Activity = Please retype the records below exactly as they appear, but leave out the pictures.

Data for review =

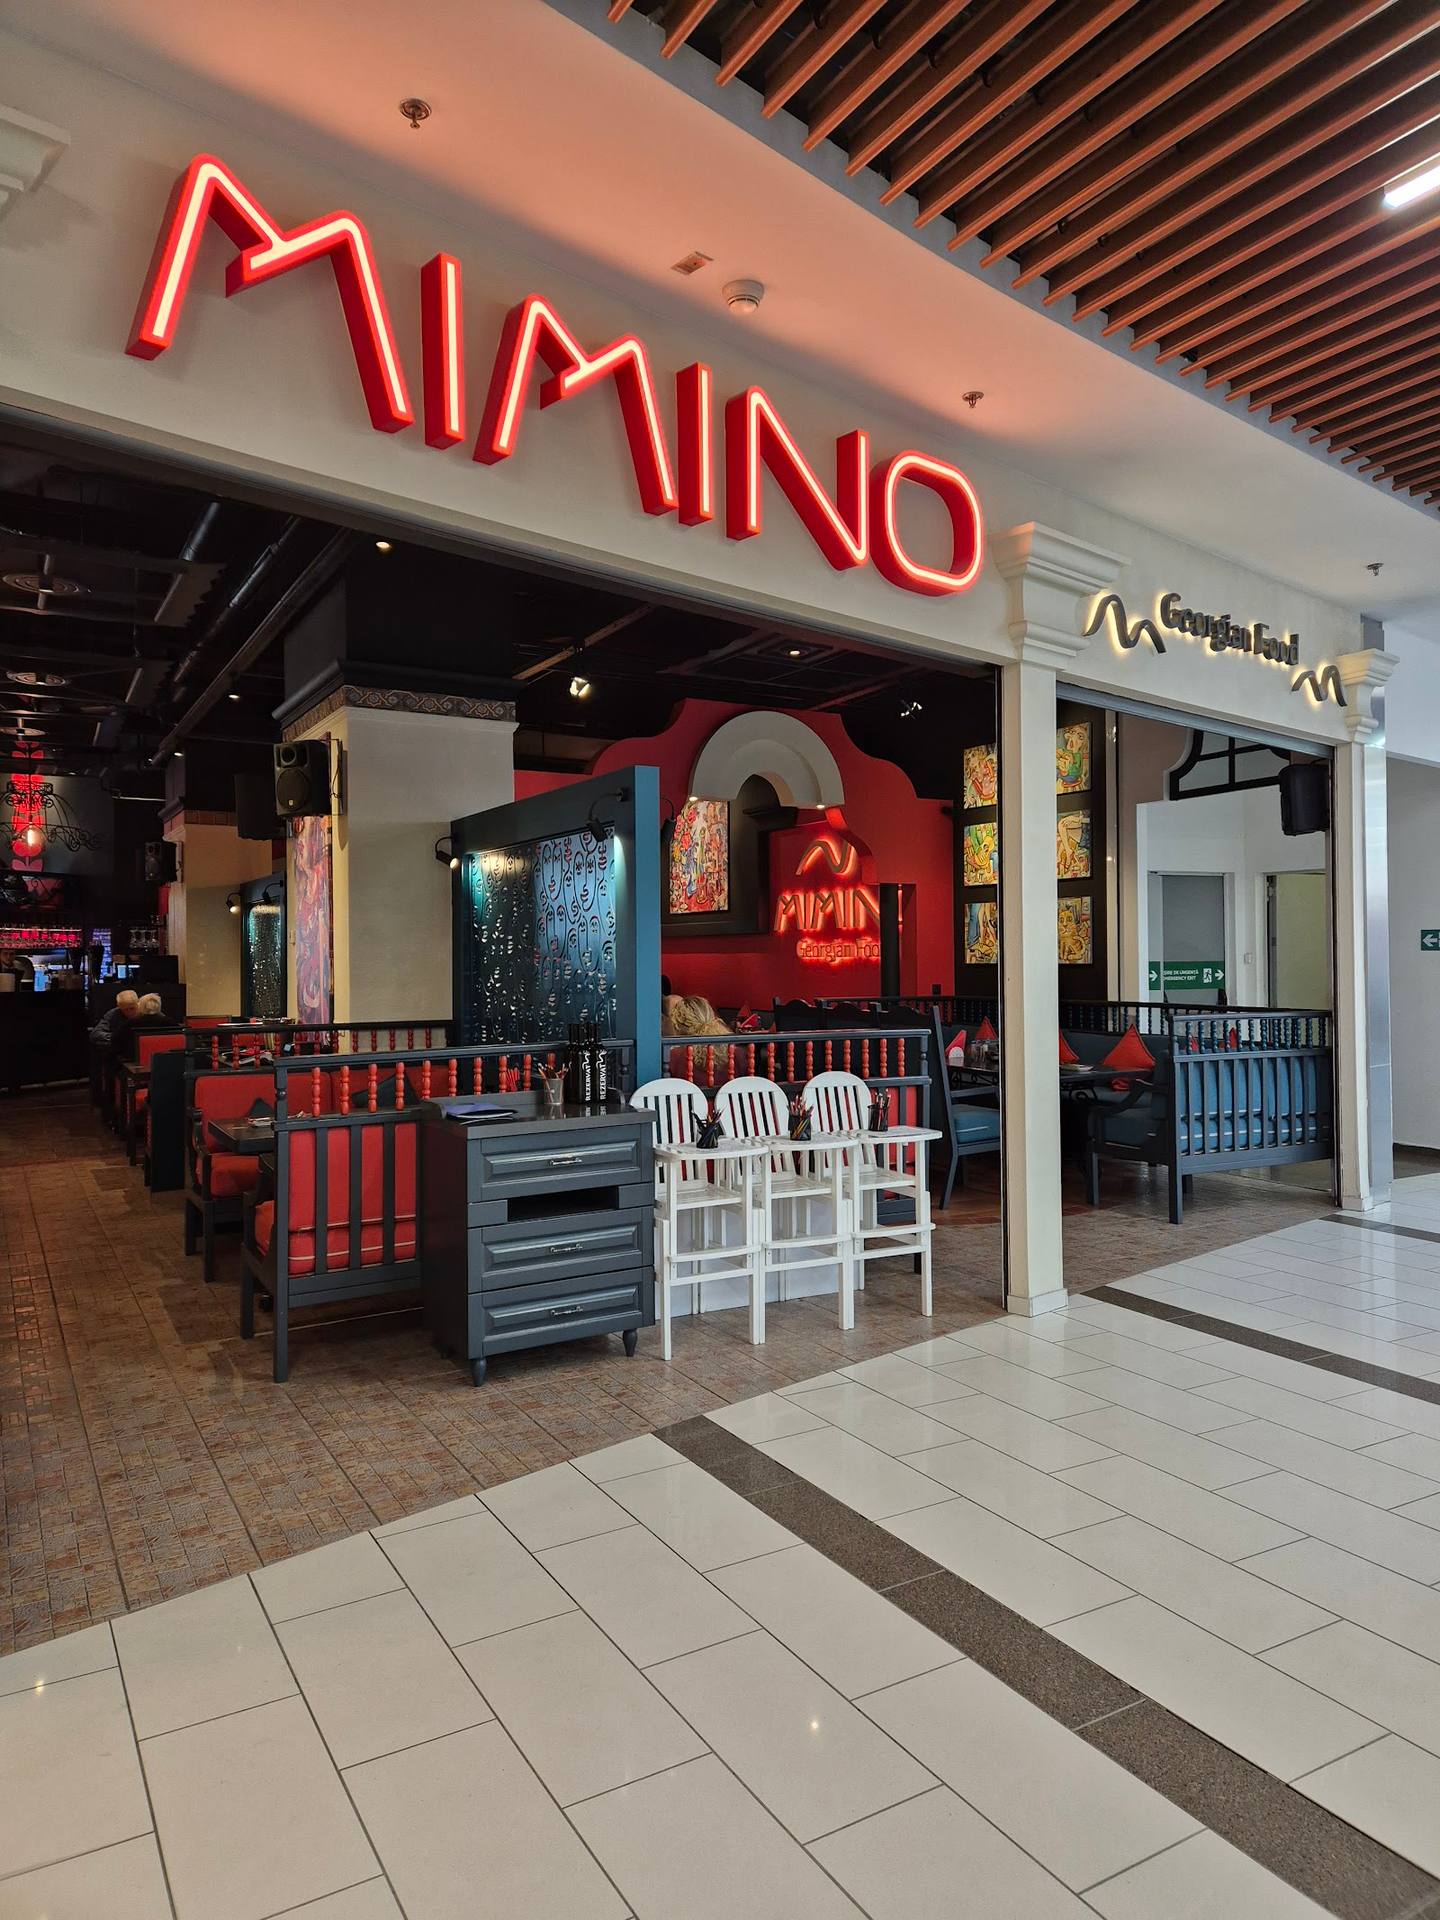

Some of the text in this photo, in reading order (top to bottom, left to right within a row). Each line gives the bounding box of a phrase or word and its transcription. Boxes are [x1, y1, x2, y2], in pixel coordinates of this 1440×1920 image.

[126, 152, 986, 597] MIMINO
[1160, 592, 1300, 666] Georgian Food
[773, 887, 881, 931] MIMIN
[798, 937, 880, 962] Georgian Foo
[599, 1064, 607, 1100] REZERVAT
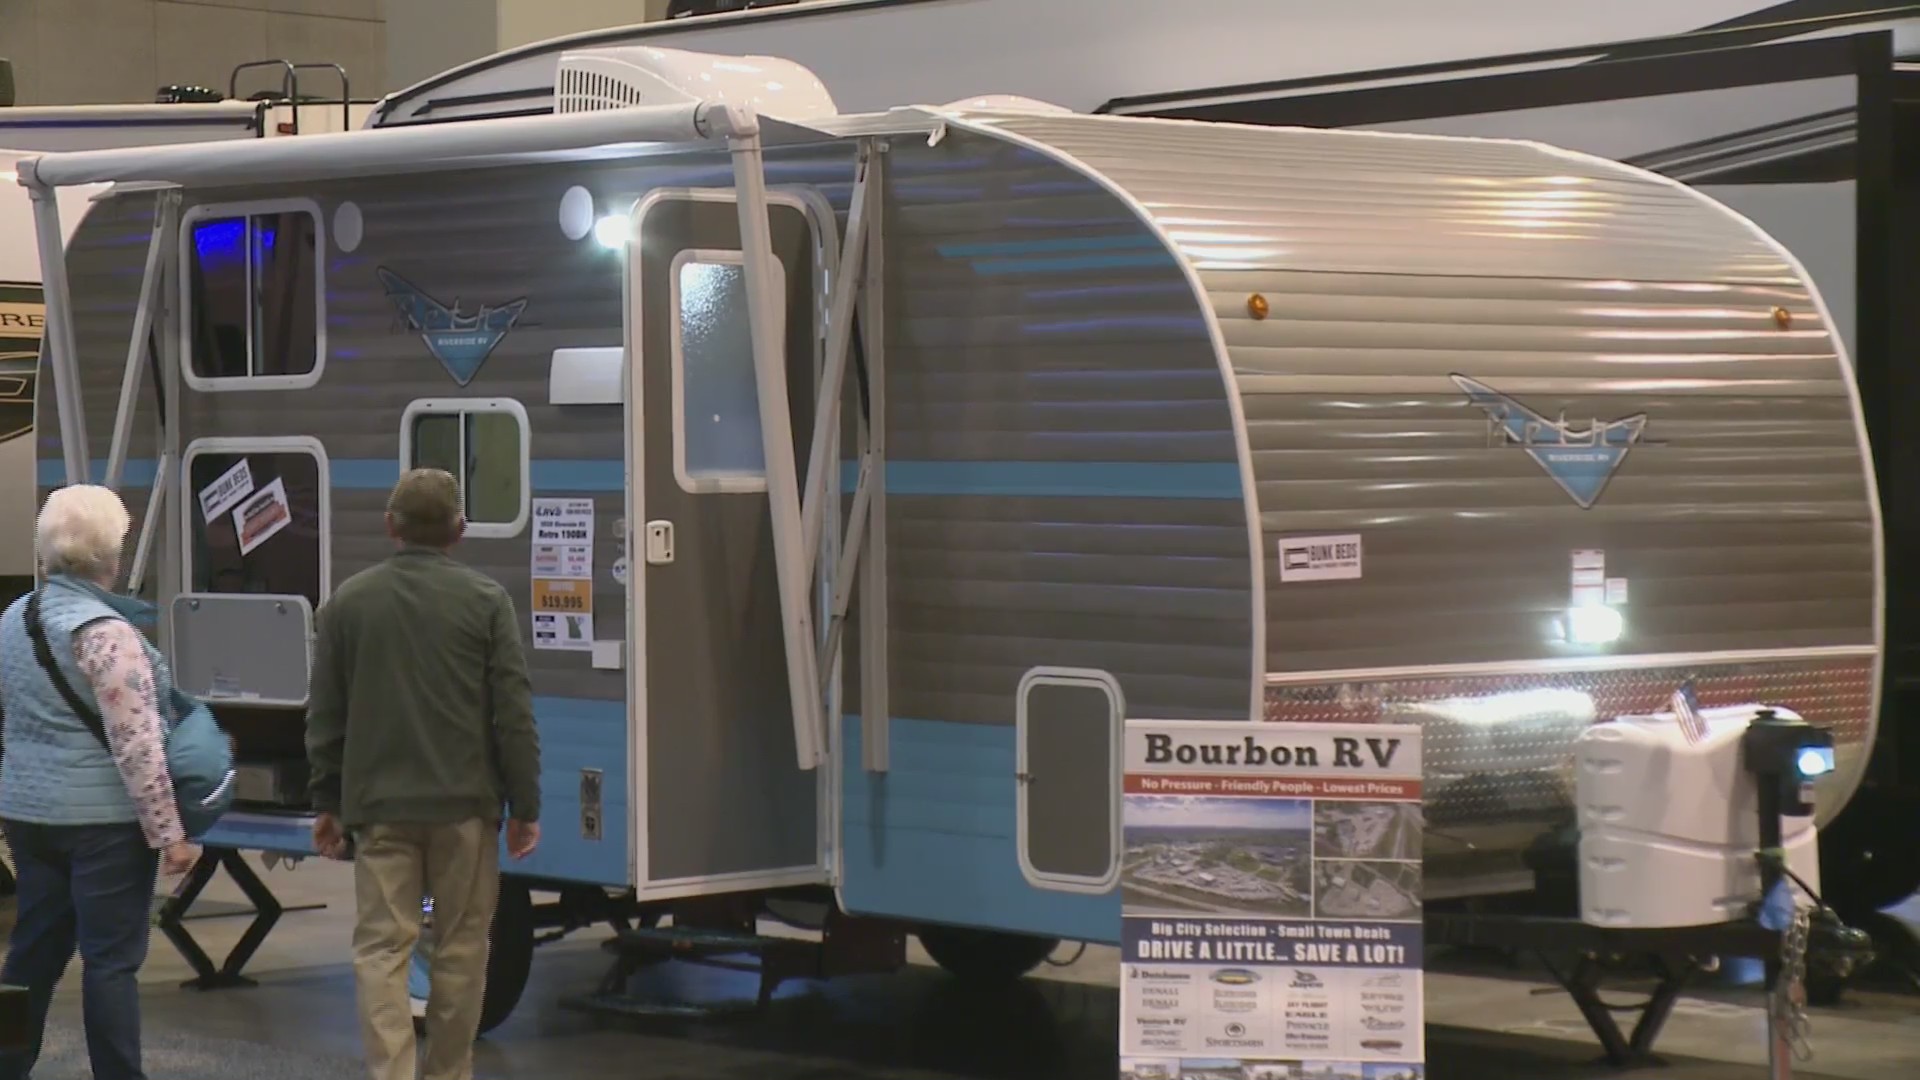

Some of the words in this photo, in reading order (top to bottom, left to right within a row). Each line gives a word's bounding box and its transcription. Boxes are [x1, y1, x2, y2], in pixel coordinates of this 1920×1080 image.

Response for this exercise =
Some of the text in this photo, in reading order (top to bottom, left to right within a row). Each line gives the bounding box of a phrase or word and its transcription. Boxes are [x1, y1, x2, y2], in pixel coordinates of this 1440×1920 image.

[126, 152, 986, 597] MIMINO
[1160, 592, 1300, 666] Georgian Food
[773, 887, 881, 931] MIMIN
[798, 937, 880, 962] Georgian Foo
[599, 1064, 607, 1100] REZERVAT

Some of the words in this photo, in reading order (top to bottom, left to right within a row). Each line gives a word's bounding box and its transcription. Boxes are [x1, y1, x2, y2], in pixel coordinates of this 1920×1080 image.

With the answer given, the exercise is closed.